TASK INSTRUCTIONS: All records below are to be duplicated exactly, with every picture excluded.

---

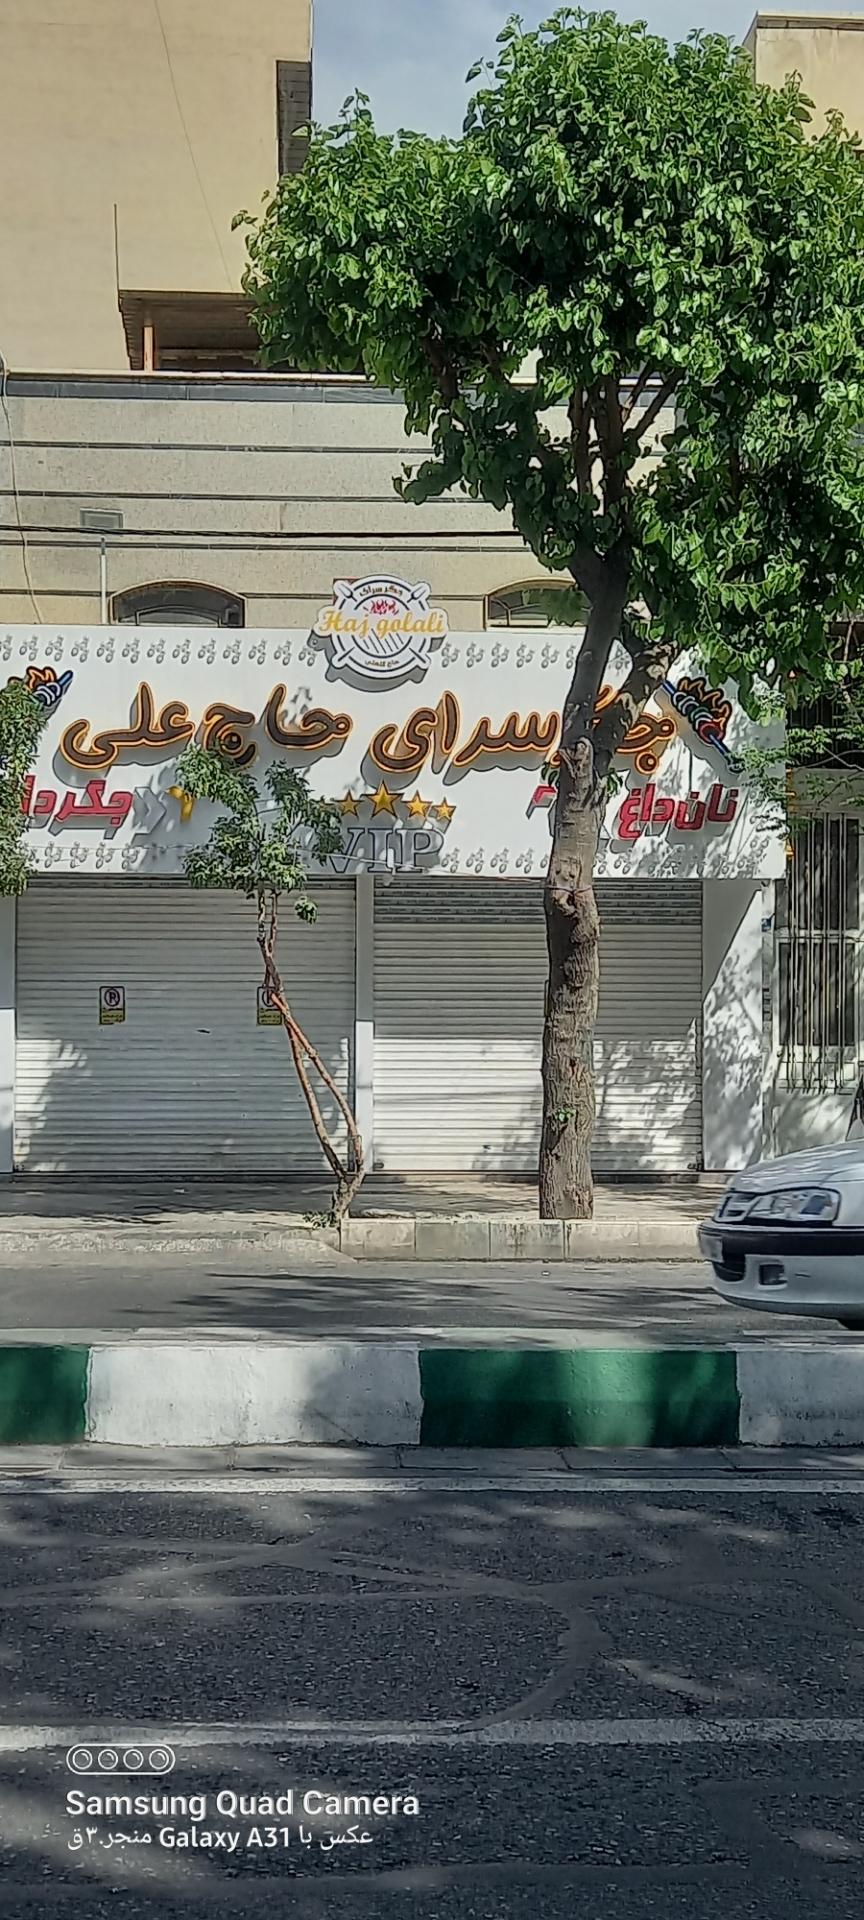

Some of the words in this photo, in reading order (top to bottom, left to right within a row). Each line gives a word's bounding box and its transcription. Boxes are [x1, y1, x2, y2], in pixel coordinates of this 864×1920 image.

[319, 610, 370, 639] Haj
[376, 612, 444, 639] golali
[60, 681, 195, 770] علی
[197, 682, 353, 768] حاج
[618, 783, 674, 839] داغ
[673, 783, 739, 830] نان
[329, 827, 445, 873] VIP

---

PROBLEM SOLUTION:
Some of the words in this photo, in reading order (top to bottom, left to right within a row). Each line gives a word's bounding box and its transcription. Boxes are [x1, y1, x2, y2], in pixel coordinates of this 864×1920 image.

[319, 610, 370, 639] Haj
[376, 612, 444, 639] golali
[60, 681, 195, 770] علی
[197, 682, 353, 768] حاج
[618, 783, 674, 839] داغ
[673, 783, 739, 830] نان
[329, 827, 445, 873] VIP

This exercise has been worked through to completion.